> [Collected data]
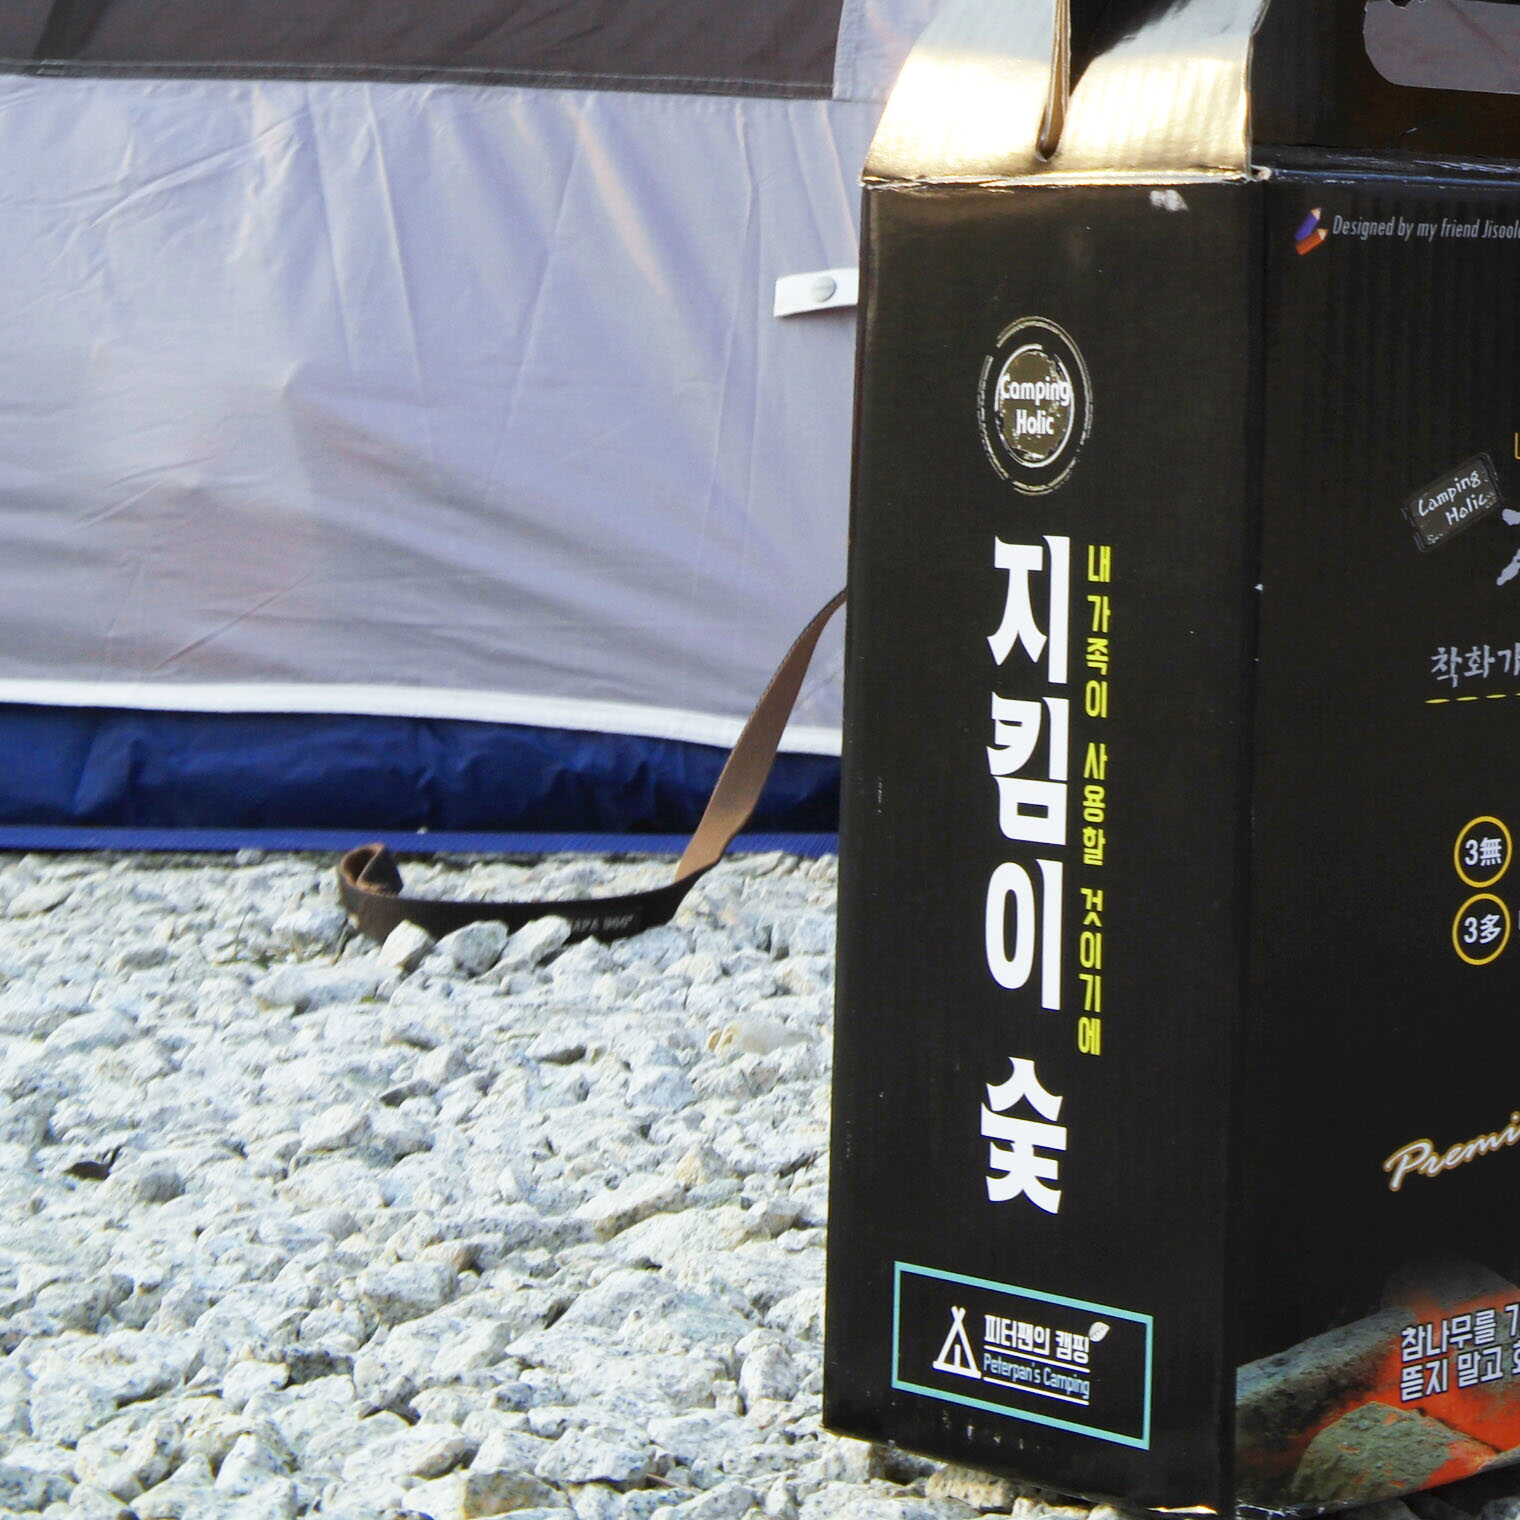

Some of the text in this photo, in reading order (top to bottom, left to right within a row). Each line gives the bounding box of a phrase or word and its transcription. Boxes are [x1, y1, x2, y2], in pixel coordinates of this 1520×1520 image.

[1332, 215, 1396, 240] Designed
[1397, 216, 1413, 241] by
[1417, 225, 1438, 242] my
[1440, 218, 1480, 238] friend
[1000, 373, 1071, 406] Camping
[1015, 409, 1055, 435] Holic
[1418, 470, 1481, 517] Camping
[1444, 493, 1488, 526] Holic
[1077, 544, 1111, 1057] 내 가족이 사용할 것이기에
[980, 534, 1070, 1215] 지킴이 숯
[984, 1314, 1090, 1365] 피터팬의 캠핑
[1401, 1309, 1497, 1363] 참나무를
[983, 1352, 1091, 1400] Peterpan's Camping
[1400, 1358, 1448, 1403] 뜯지
[1456, 1345, 1504, 1388] 말고

> [Your assignment]
Produce the entries again, word for word, without any of their pictures.

> [Solution for this problem]
Some of the text in this photo, in reading order (top to bottom, left to right within a row). Each line gives the bounding box of a phrase or word and its transcription. Boxes are [x1, y1, x2, y2], in pixel coordinates of this 1520×1520 image.

[1332, 215, 1396, 240] Designed
[1397, 216, 1413, 241] by
[1417, 225, 1438, 242] my
[1440, 218, 1480, 238] friend
[1000, 373, 1071, 406] Camping
[1015, 409, 1055, 435] Holic
[1418, 470, 1481, 517] Camping
[1444, 493, 1488, 526] Holic
[1077, 544, 1111, 1057] 내 가족이 사용할 것이기에
[980, 534, 1070, 1215] 지킴이 숯
[984, 1314, 1090, 1365] 피터팬의 캠핑
[1401, 1309, 1497, 1363] 참나무를
[983, 1352, 1091, 1400] Peterpan's Camping
[1400, 1358, 1448, 1403] 뜯지
[1456, 1345, 1504, 1388] 말고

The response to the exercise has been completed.